TASK GOAL. Leave the images aside and output every entry exactly.
[SUPPLIED DATA]
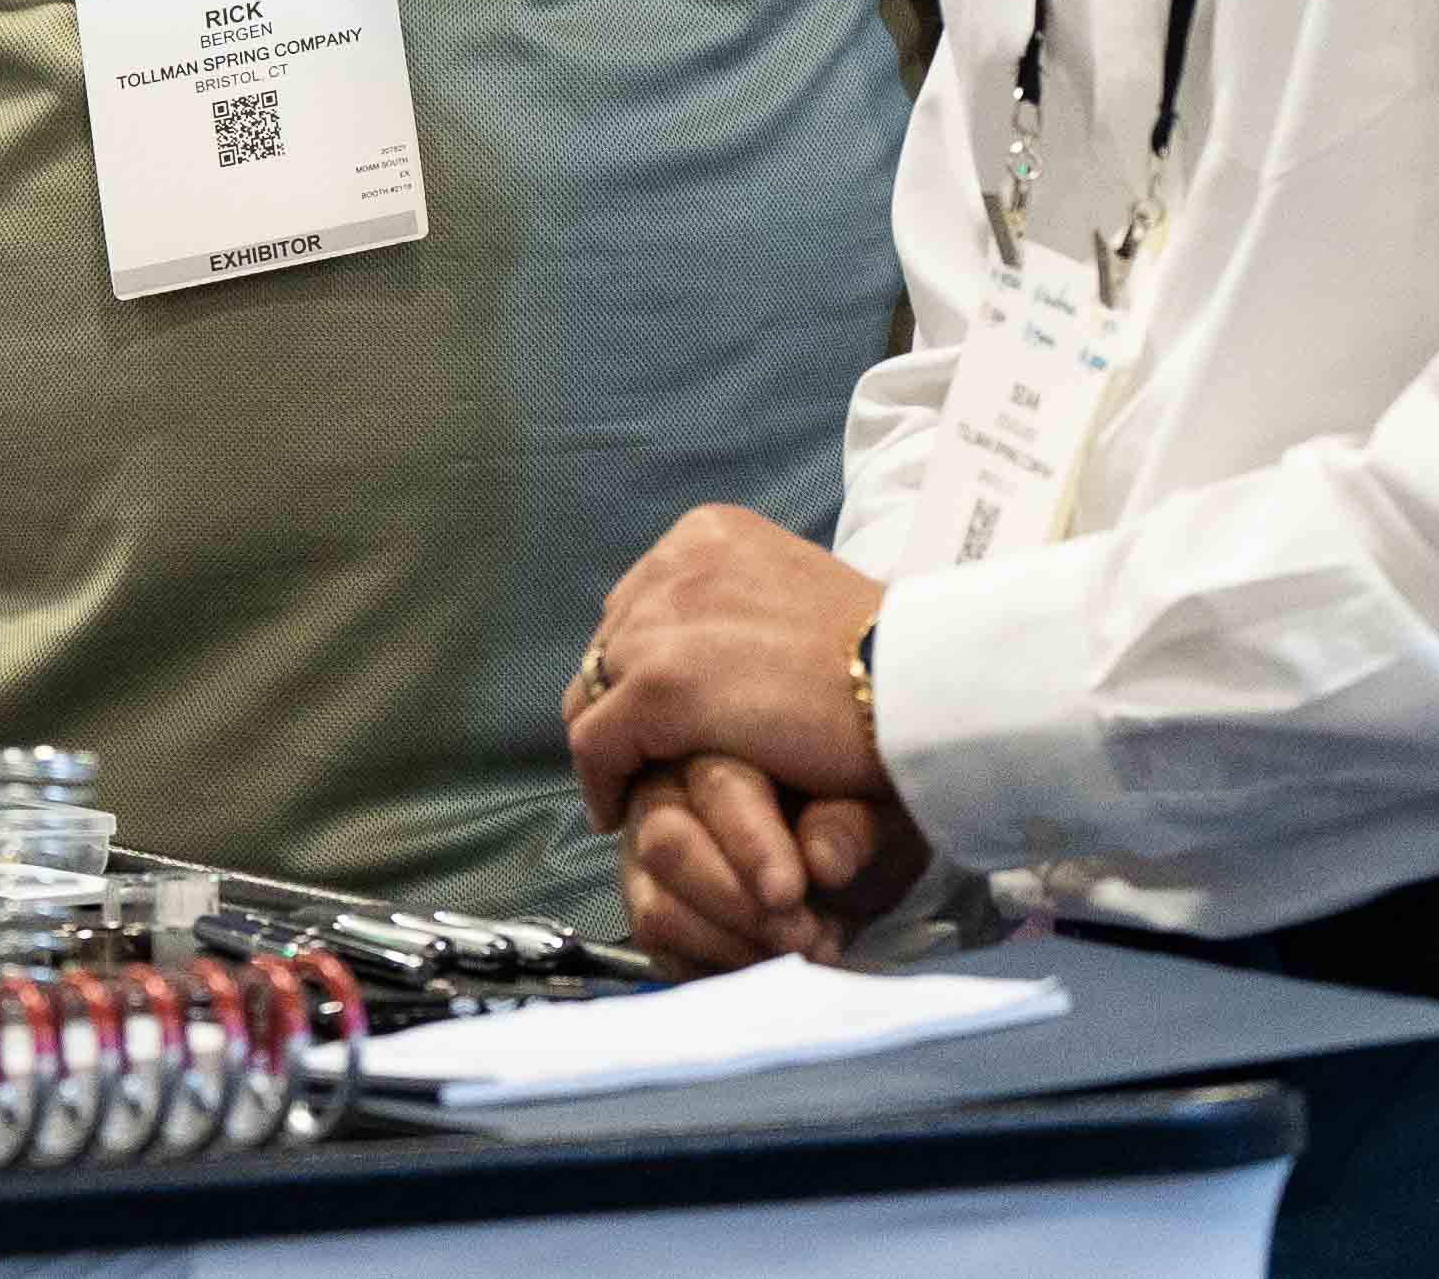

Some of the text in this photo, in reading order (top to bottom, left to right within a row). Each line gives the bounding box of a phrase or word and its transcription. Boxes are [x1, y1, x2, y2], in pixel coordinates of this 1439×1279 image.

[205, 0, 264, 29] RICK
[199, 21, 274, 49] BERGEN
[115, 27, 363, 90] TOLLMAN SPRING COMPANY
[195, 63, 289, 94] BRISTOL, CT
[209, 234, 322, 272] EXHIBITOR
[/SUPPLIED DATA]
ANSWER TO THIS EXERCISE.
Some of the text in this photo, in reading order (top to bottom, left to right within a row). Each line gives the bounding box of a phrase or word and its transcription. Boxes are [x1, y1, x2, y2], in pixel coordinates of this 1439×1279 image.

[205, 0, 264, 29] RICK
[199, 21, 274, 49] BERGEN
[115, 27, 363, 90] TOLLMAN SPRING COMPANY
[195, 63, 289, 94] BRISTOL, CT
[209, 234, 322, 272] EXHIBITOR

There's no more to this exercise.